Start of Block

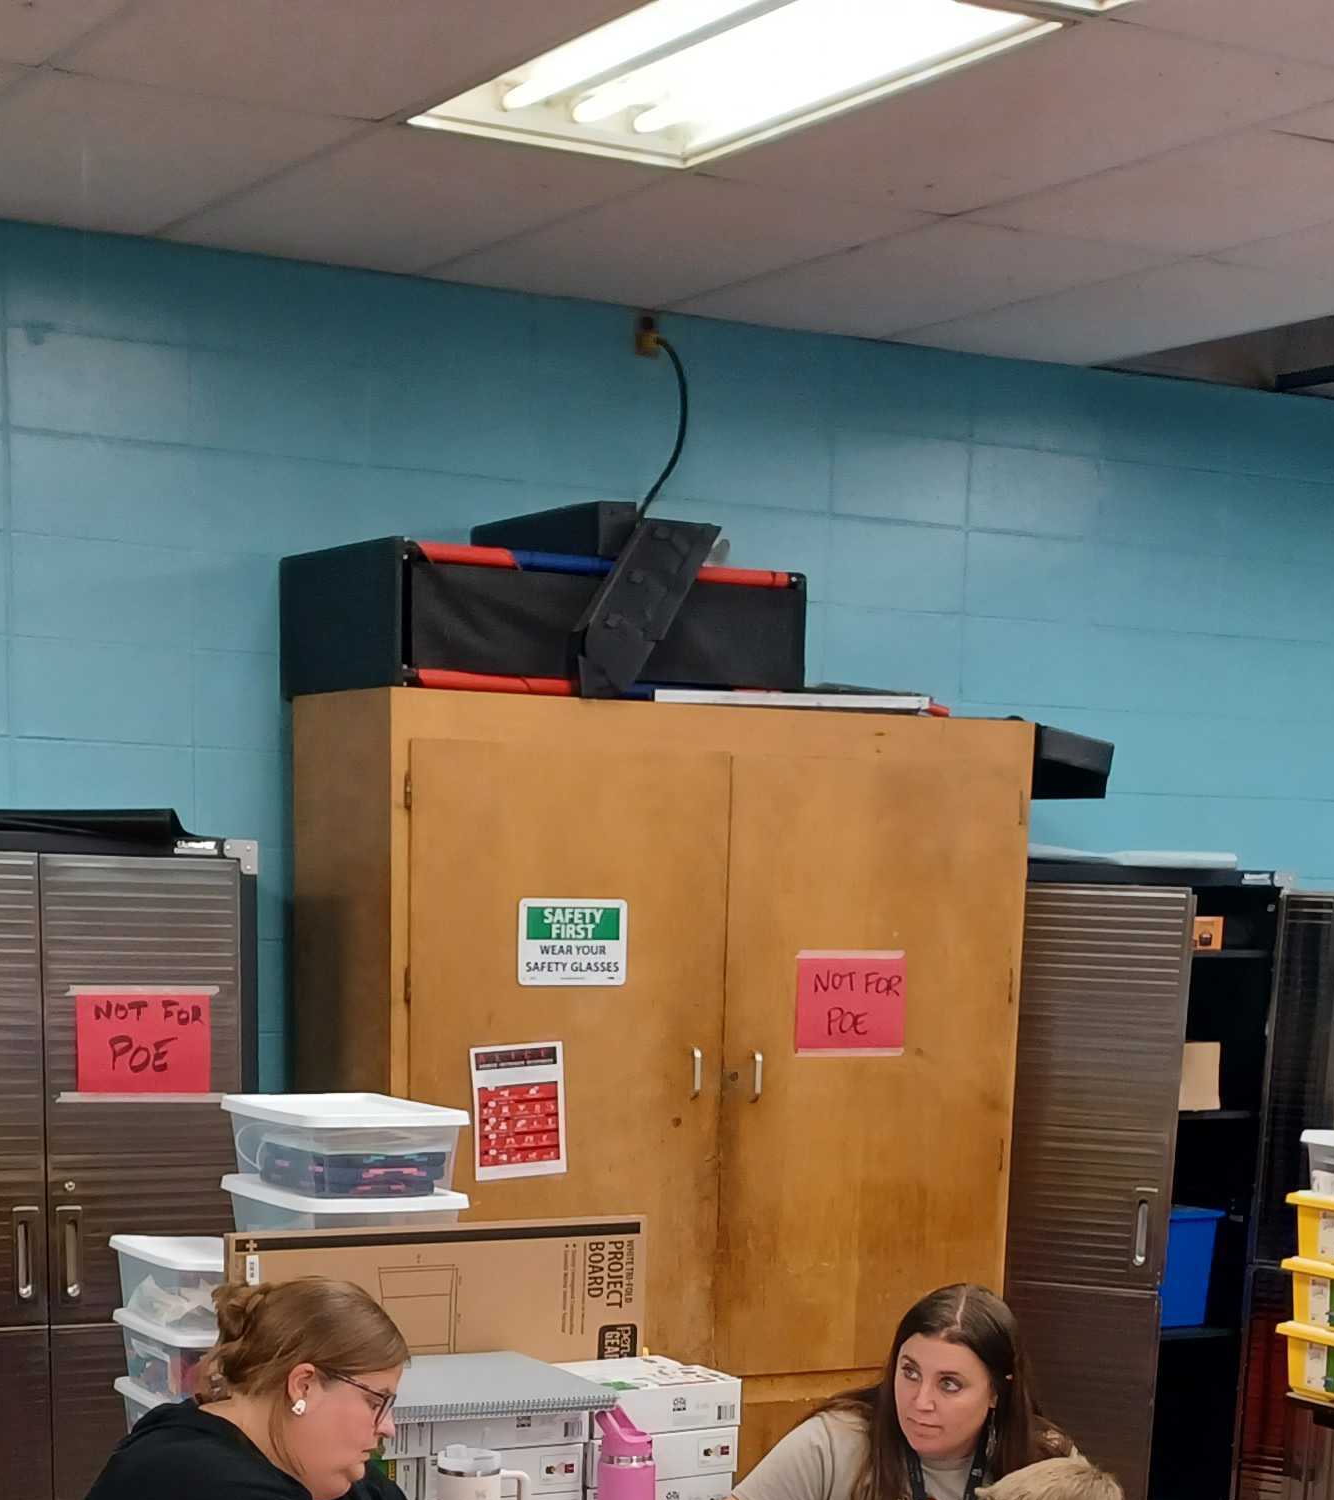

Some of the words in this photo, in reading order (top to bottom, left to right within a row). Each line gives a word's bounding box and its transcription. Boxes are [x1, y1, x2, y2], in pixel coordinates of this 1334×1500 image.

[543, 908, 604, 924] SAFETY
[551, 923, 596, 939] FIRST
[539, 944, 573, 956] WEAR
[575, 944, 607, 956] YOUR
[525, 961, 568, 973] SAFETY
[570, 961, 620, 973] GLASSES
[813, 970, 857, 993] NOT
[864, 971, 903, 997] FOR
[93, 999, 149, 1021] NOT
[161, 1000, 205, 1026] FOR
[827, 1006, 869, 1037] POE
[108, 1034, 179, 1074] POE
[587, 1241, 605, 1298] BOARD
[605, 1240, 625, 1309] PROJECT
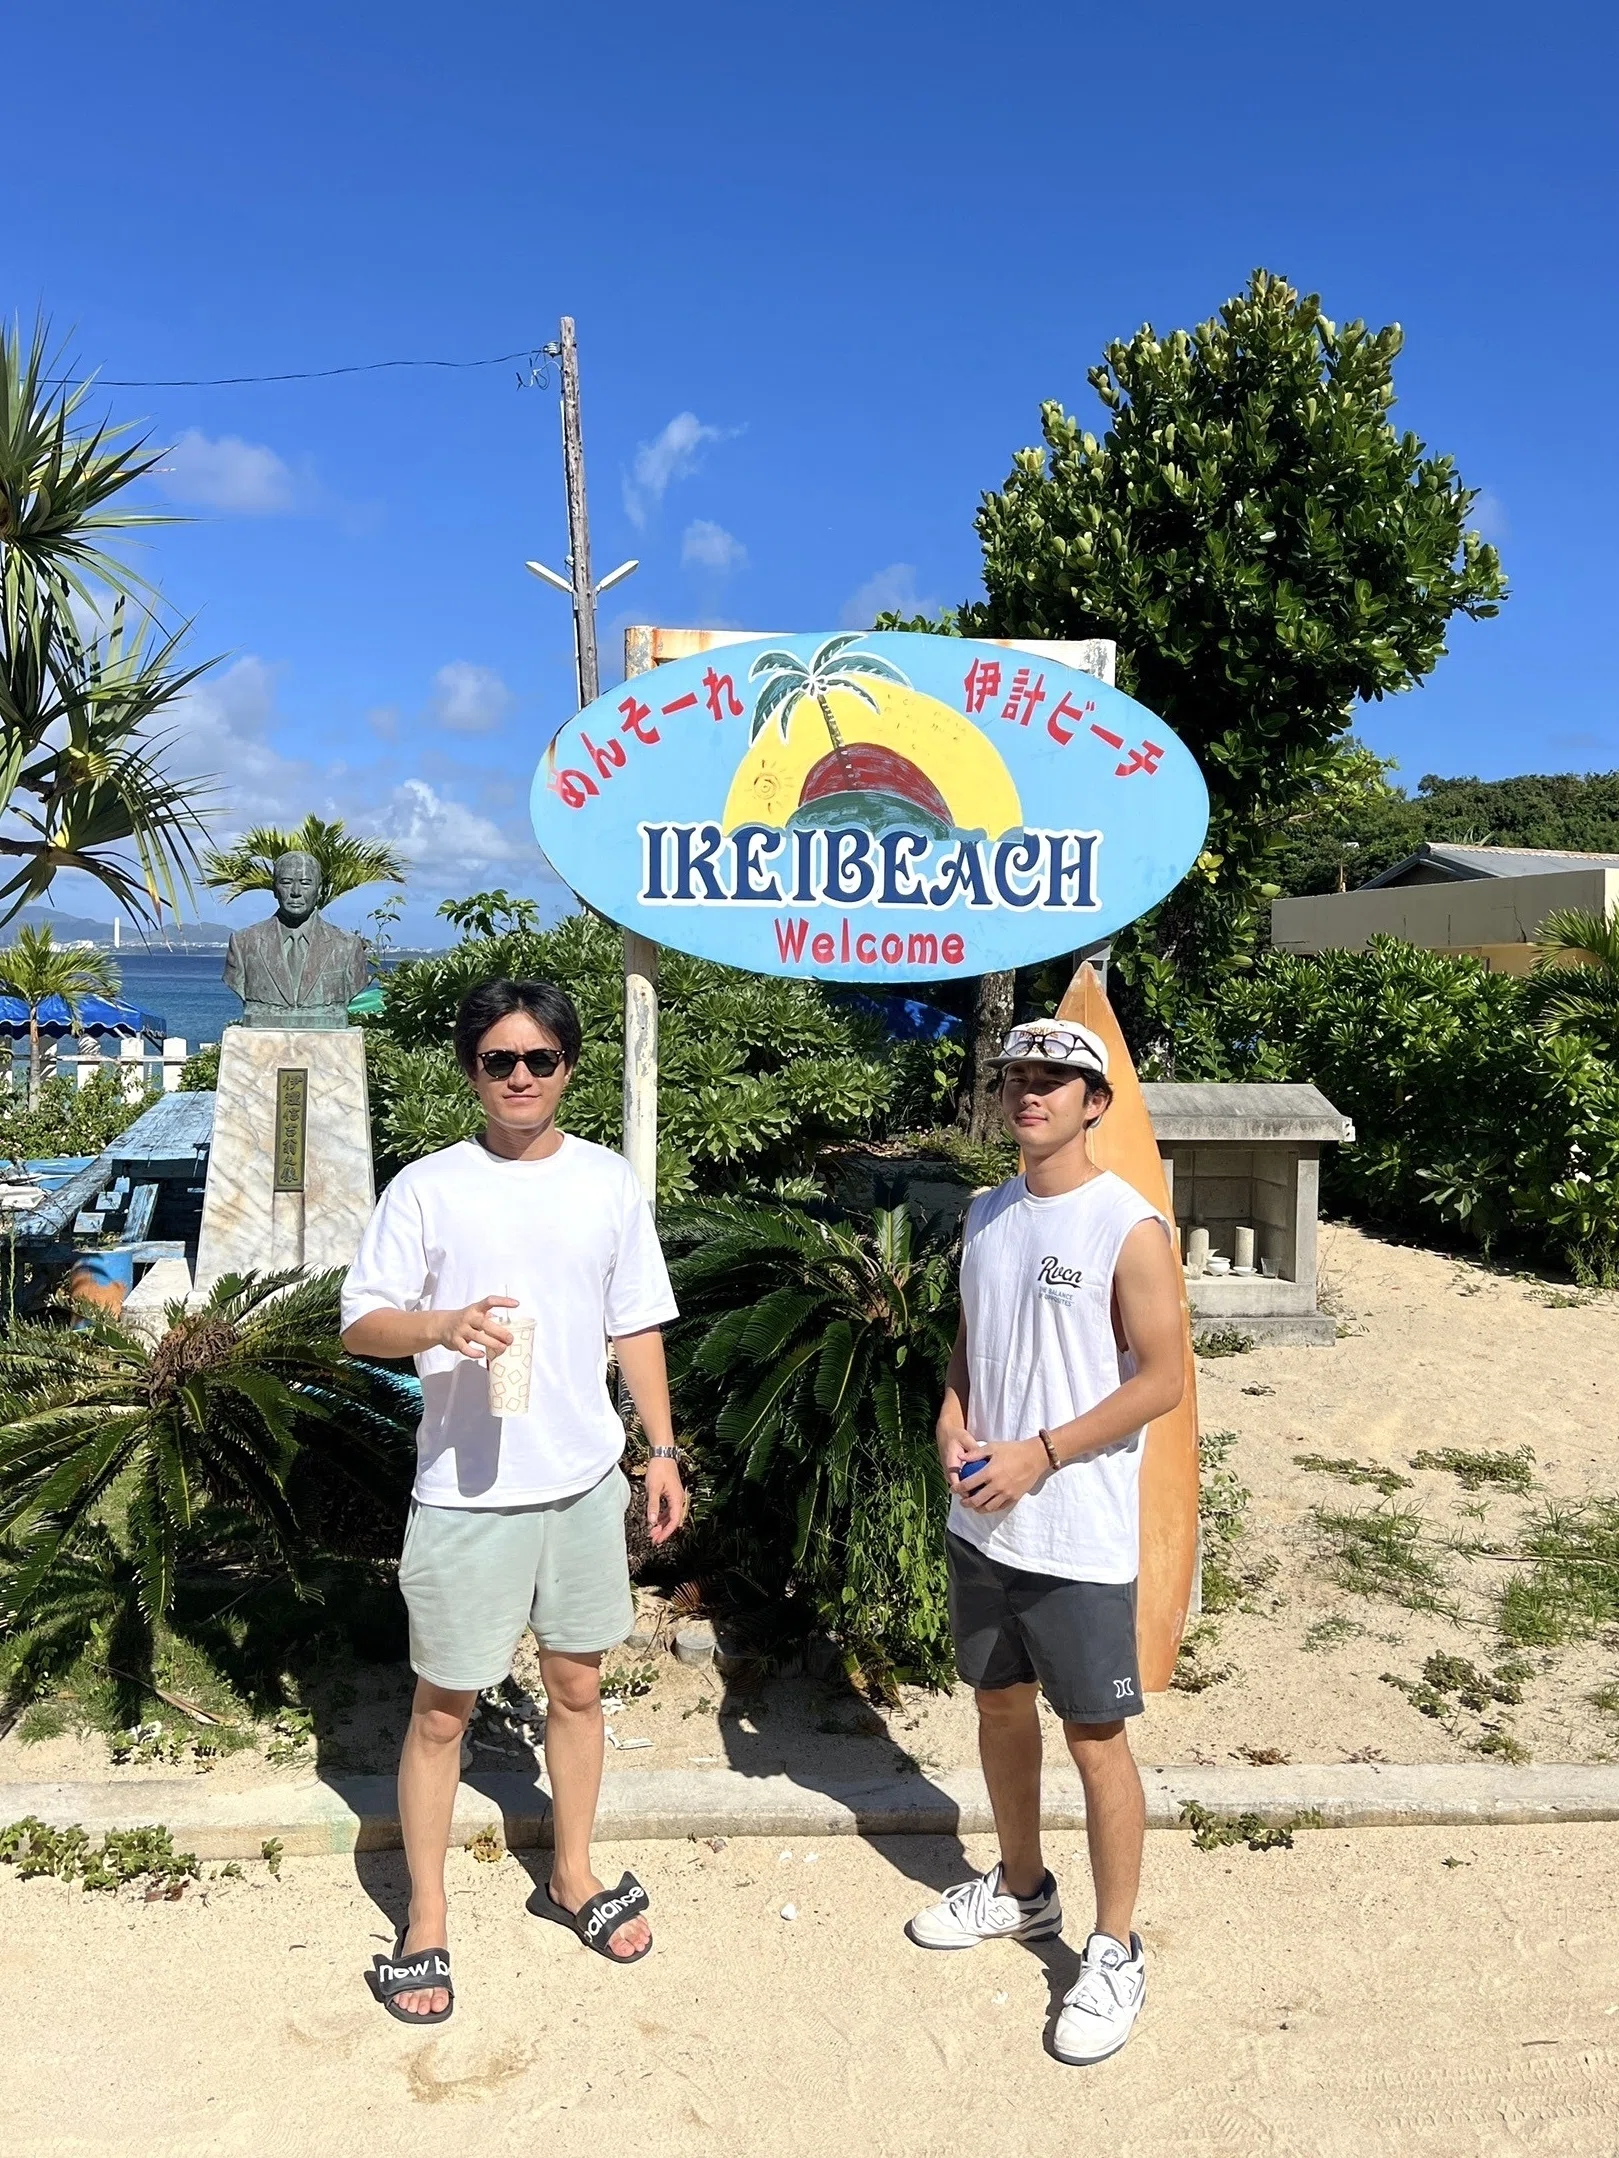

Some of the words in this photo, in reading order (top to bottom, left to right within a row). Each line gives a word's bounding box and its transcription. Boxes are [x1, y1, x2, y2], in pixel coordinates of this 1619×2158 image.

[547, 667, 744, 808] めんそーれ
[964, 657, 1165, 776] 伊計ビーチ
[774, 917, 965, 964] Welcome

End of Block

» What you will do: The entries above must be output exactly, with every image left out.

» Exercise solution:
Some of the words in this photo, in reading order (top to bottom, left to right within a row). Each line gives a word's bounding box and its transcription. Boxes are [x1, y1, x2, y2], in pixel coordinates of this 1334×1500 image.

[543, 908, 604, 924] SAFETY
[551, 923, 596, 939] FIRST
[539, 944, 573, 956] WEAR
[575, 944, 607, 956] YOUR
[525, 961, 568, 973] SAFETY
[570, 961, 620, 973] GLASSES
[813, 970, 857, 993] NOT
[864, 971, 903, 997] FOR
[93, 999, 149, 1021] NOT
[161, 1000, 205, 1026] FOR
[827, 1006, 869, 1037] POE
[108, 1034, 179, 1074] POE
[587, 1241, 605, 1298] BOARD
[605, 1240, 625, 1309] PROJECT

Some of the words in this photo, in reading order (top to bottom, left to right within a row). Each line gives a word's bounding box and its transcription. Boxes are [x1, y1, x2, y2], in pixel coordinates of this 1619×2158 image.

[547, 667, 744, 808] めんそーれ
[964, 657, 1165, 776] 伊計ビーチ
[774, 917, 965, 964] Welcome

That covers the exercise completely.